+++ DATA PROVIDED

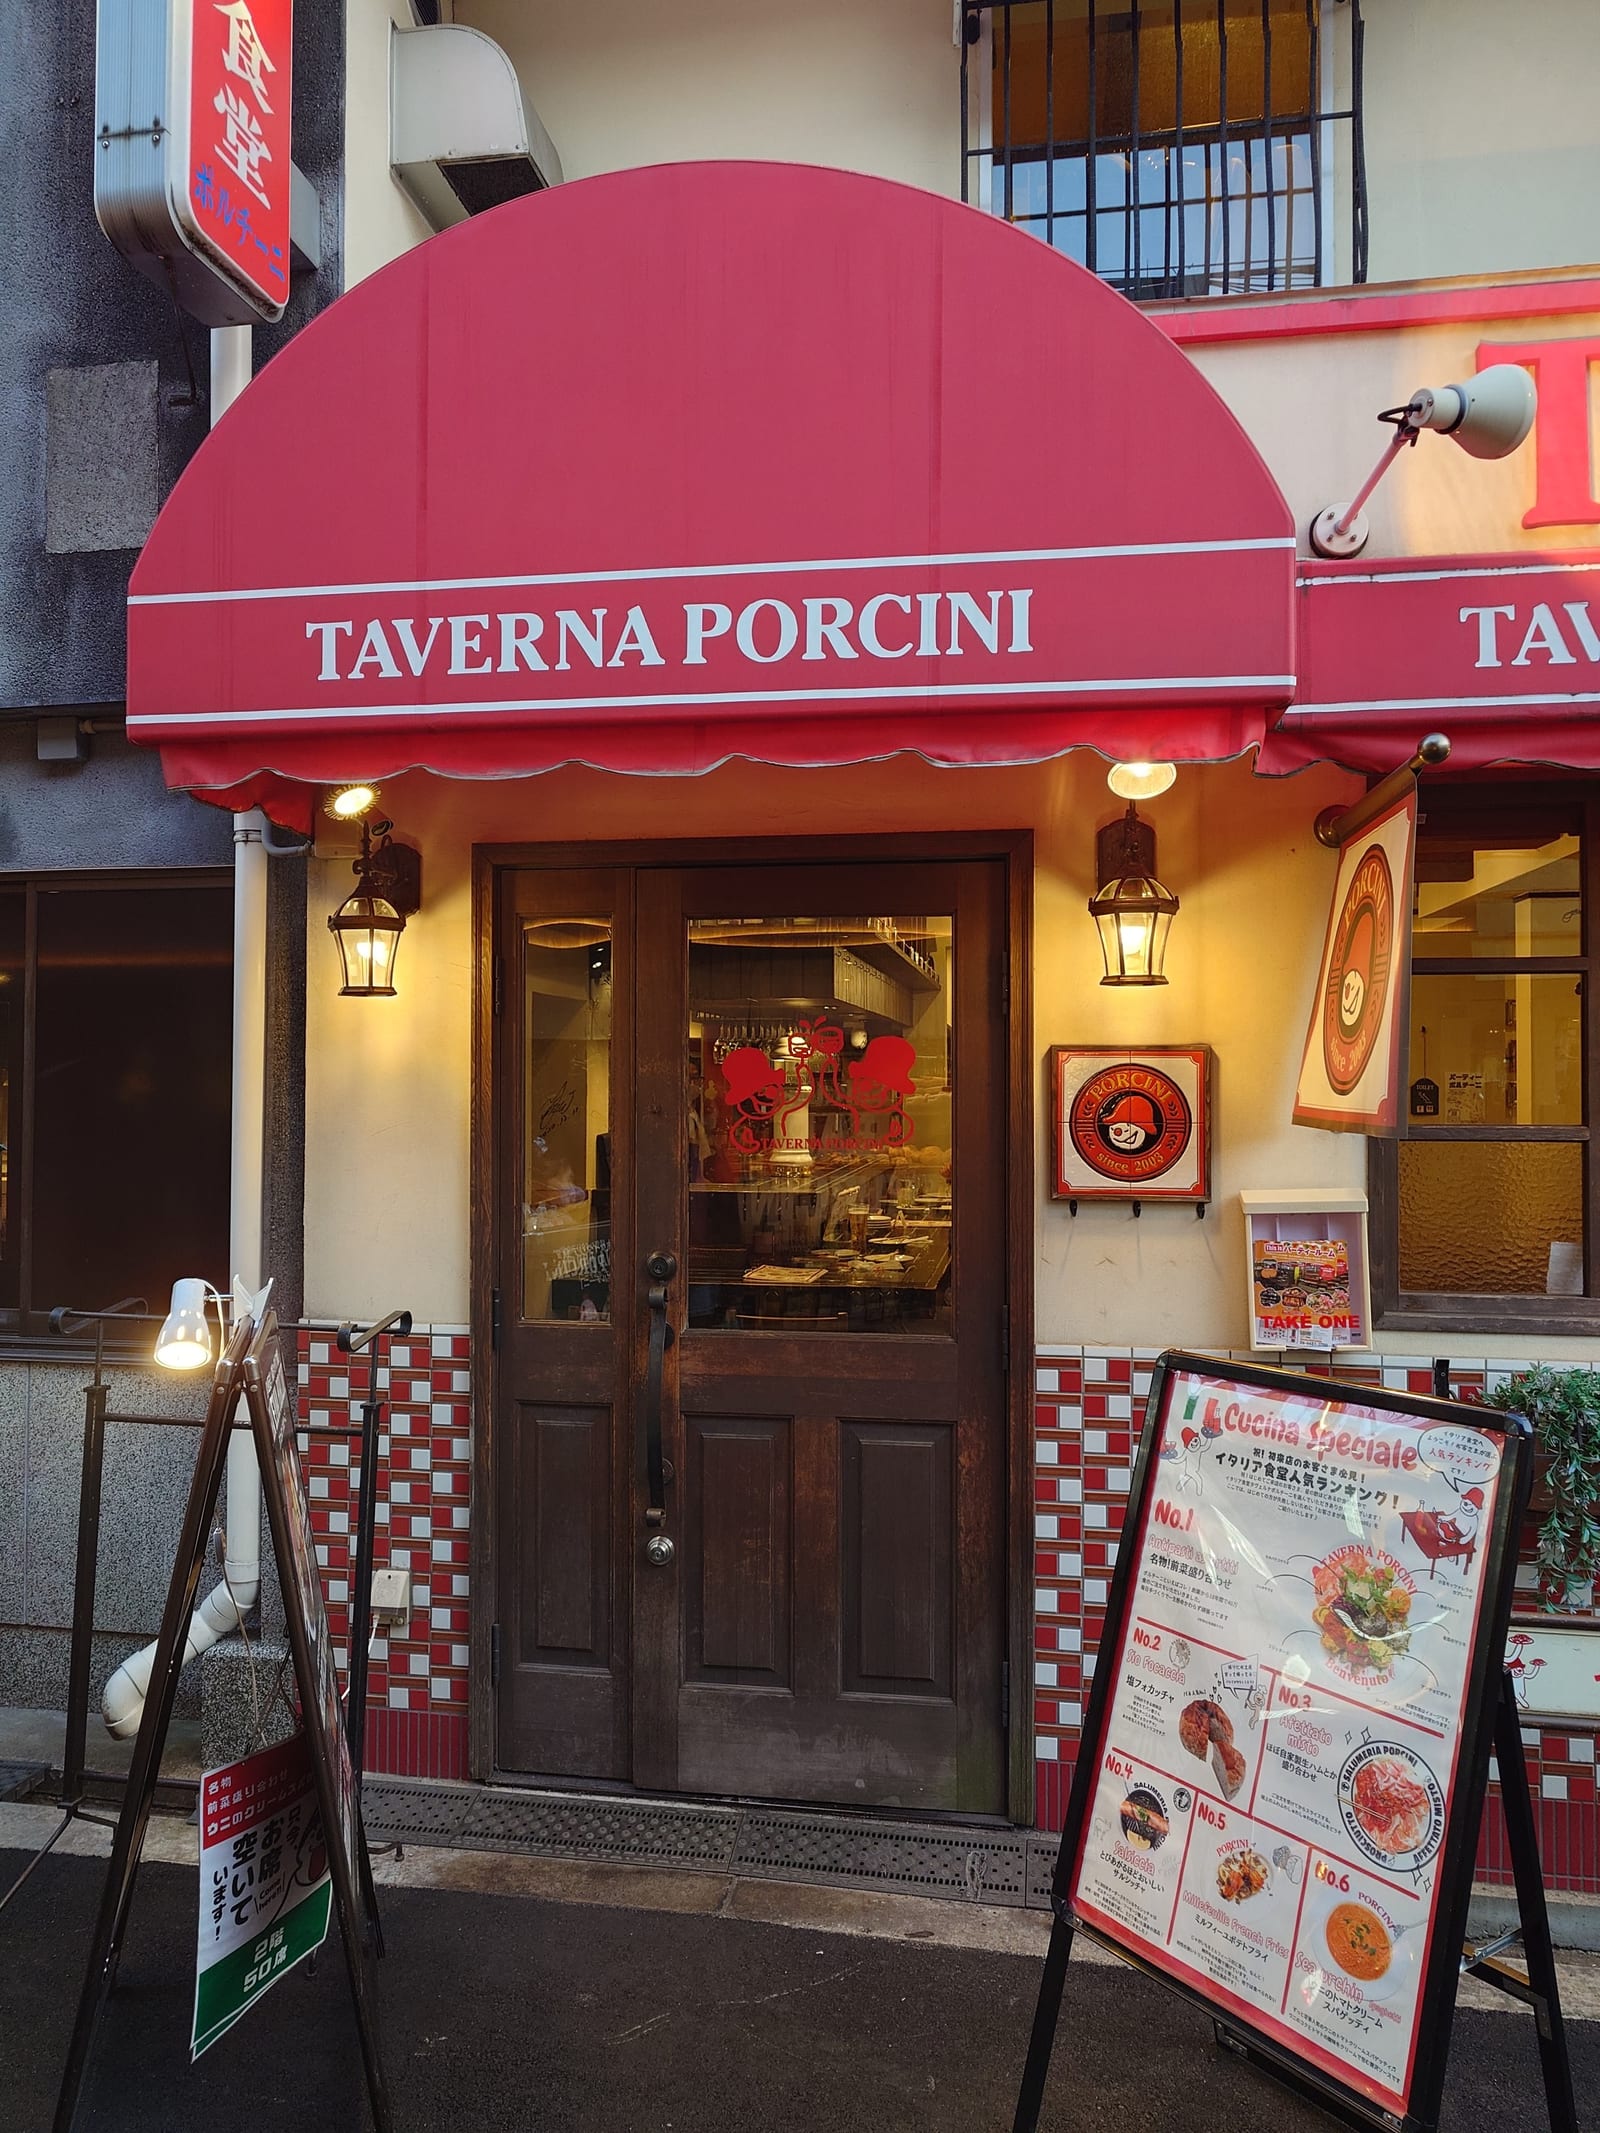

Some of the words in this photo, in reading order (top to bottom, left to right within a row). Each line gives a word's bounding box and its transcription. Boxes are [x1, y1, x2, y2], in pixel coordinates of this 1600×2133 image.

[306, 604, 665, 681] TAVERNA
[683, 588, 1034, 664] PORCINI
[1342, 862, 1387, 930] PORCINI
[1331, 1036, 1346, 1073] since
[1089, 1072, 1173, 1101] PORCINI
[1449, 1073, 1482, 1081] パーティー
[760, 1137, 822, 1150] TAVERNA
[1096, 1151, 1129, 1174] since
[1134, 1151, 1164, 1172] 2003
[1261, 1315, 1312, 1329] TAKE
[1318, 1315, 1360, 1329] ONE
[1224, 1402, 1300, 1446] Cucina
[1306, 1420, 1418, 1472] Speciale
[1153, 1498, 1194, 1532] No.1
[1147, 1533, 1195, 1561] Antipasti
[1321, 1543, 1374, 1571] TAVERNA
[1376, 1548, 1418, 1596] PORCINI
[1132, 1627, 1162, 1651] No.2
[1141, 1655, 1187, 1685] Focaccia
[1125, 1673, 1175, 1705] 塩フォカッチャ
[1277, 1685, 1312, 1713] No.3
[1278, 1711, 1334, 1747] Afettato
[1286, 1731, 1320, 1757] misto
[1104, 1753, 1134, 1781] No.4
[1281, 1760, 1317, 1783] 盛り合わせ
[1342, 1745, 1383, 1784] SALUMERIA
[206, 1768, 289, 1816] 前菜盛り合わせ
[207, 1776, 233, 1796] 名物
[1133, 1780, 1170, 1815] SALUMERIA
[1427, 1782, 1445, 1819] MISTO
[1197, 1801, 1227, 1831] No.5
[258, 1818, 284, 1884] お席
[1112, 1839, 1156, 1876] Salsiccia
[1216, 1838, 1250, 1857] PORCINI
[230, 1831, 258, 1926] 空いて
[1099, 1849, 1165, 1894] とびあがるほどおいしい
[1112, 1868, 1146, 1894] サルシッチャ
[1314, 1859, 1351, 1893] No.6
[211, 1866, 228, 1942] います!
[1357, 1890, 1397, 1931] PORCINI
[254, 1927, 285, 1963] 2階
[1193, 1913, 1268, 1963] ミルフィーユポテトフライ
[1231, 1917, 1264, 1946] French
[1264, 1935, 1289, 1960] Fries
[242, 1946, 289, 1994] 50席
[1294, 1949, 1317, 1977] Sea
[1320, 1965, 1364, 2004] urchin
[1322, 1999, 1369, 2035] スパゲッティ
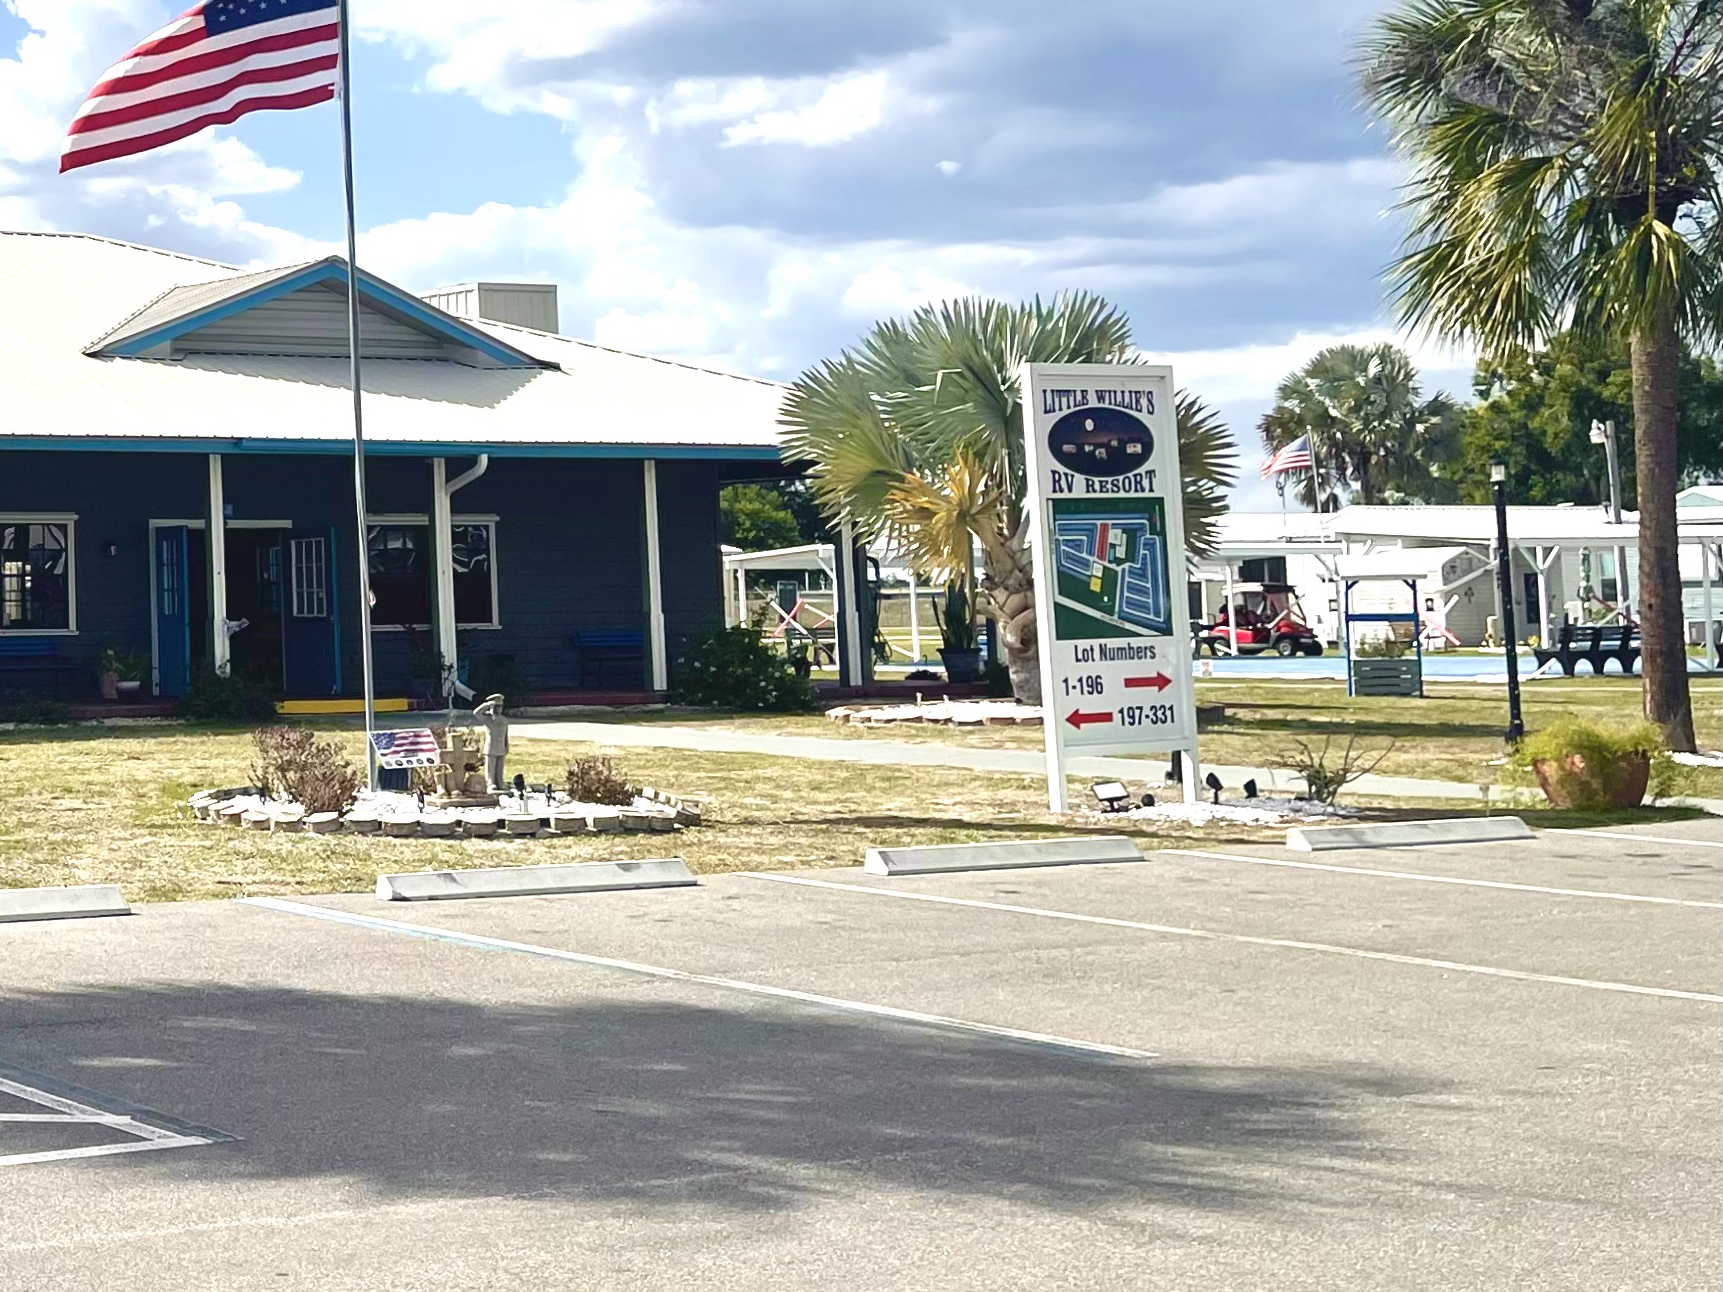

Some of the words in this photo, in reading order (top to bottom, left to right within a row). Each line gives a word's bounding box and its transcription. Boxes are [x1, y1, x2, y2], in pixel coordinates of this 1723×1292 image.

++++++

**WHAT THE TASK REQUIRES:** Repeat the listing above in full, exactly, and omit its pictures.

**TASK ANSWER:**
Some of the words in this photo, in reading order (top to bottom, left to right within a row). Each line gives a word's bounding box and its transcription. Boxes are [x1, y1, x2, y2], in pixel coordinates of this 1600×2133 image.

[306, 604, 665, 681] TAVERNA
[683, 588, 1034, 664] PORCINI
[1342, 862, 1387, 930] PORCINI
[1331, 1036, 1346, 1073] since
[1089, 1072, 1173, 1101] PORCINI
[1449, 1073, 1482, 1081] パーティー
[760, 1137, 822, 1150] TAVERNA
[1096, 1151, 1129, 1174] since
[1134, 1151, 1164, 1172] 2003
[1261, 1315, 1312, 1329] TAKE
[1318, 1315, 1360, 1329] ONE
[1224, 1402, 1300, 1446] Cucina
[1306, 1420, 1418, 1472] Speciale
[1153, 1498, 1194, 1532] No.1
[1147, 1533, 1195, 1561] Antipasti
[1321, 1543, 1374, 1571] TAVERNA
[1376, 1548, 1418, 1596] PORCINI
[1132, 1627, 1162, 1651] No.2
[1141, 1655, 1187, 1685] Focaccia
[1125, 1673, 1175, 1705] 塩フォカッチャ
[1277, 1685, 1312, 1713] No.3
[1278, 1711, 1334, 1747] Afettato
[1286, 1731, 1320, 1757] misto
[1104, 1753, 1134, 1781] No.4
[1281, 1760, 1317, 1783] 盛り合わせ
[1342, 1745, 1383, 1784] SALUMERIA
[206, 1768, 289, 1816] 前菜盛り合わせ
[207, 1776, 233, 1796] 名物
[1133, 1780, 1170, 1815] SALUMERIA
[1427, 1782, 1445, 1819] MISTO
[1197, 1801, 1227, 1831] No.5
[258, 1818, 284, 1884] お席
[1112, 1839, 1156, 1876] Salsiccia
[1216, 1838, 1250, 1857] PORCINI
[230, 1831, 258, 1926] 空いて
[1099, 1849, 1165, 1894] とびあがるほどおいしい
[1112, 1868, 1146, 1894] サルシッチャ
[1314, 1859, 1351, 1893] No.6
[211, 1866, 228, 1942] います!
[1357, 1890, 1397, 1931] PORCINI
[254, 1927, 285, 1963] 2階
[1193, 1913, 1268, 1963] ミルフィーユポテトフライ
[1231, 1917, 1264, 1946] French
[1264, 1935, 1289, 1960] Fries
[242, 1946, 289, 1994] 50席
[1294, 1949, 1317, 1977] Sea
[1320, 1965, 1364, 2004] urchin
[1322, 1999, 1369, 2035] スパゲッティ

Some of the words in this photo, in reading order (top to bottom, left to right within a row). Each line gives a word's bounding box and its transcription. Boxes are [x1, y1, x2, y2], in pixel coordinates of this 1723×1292 image.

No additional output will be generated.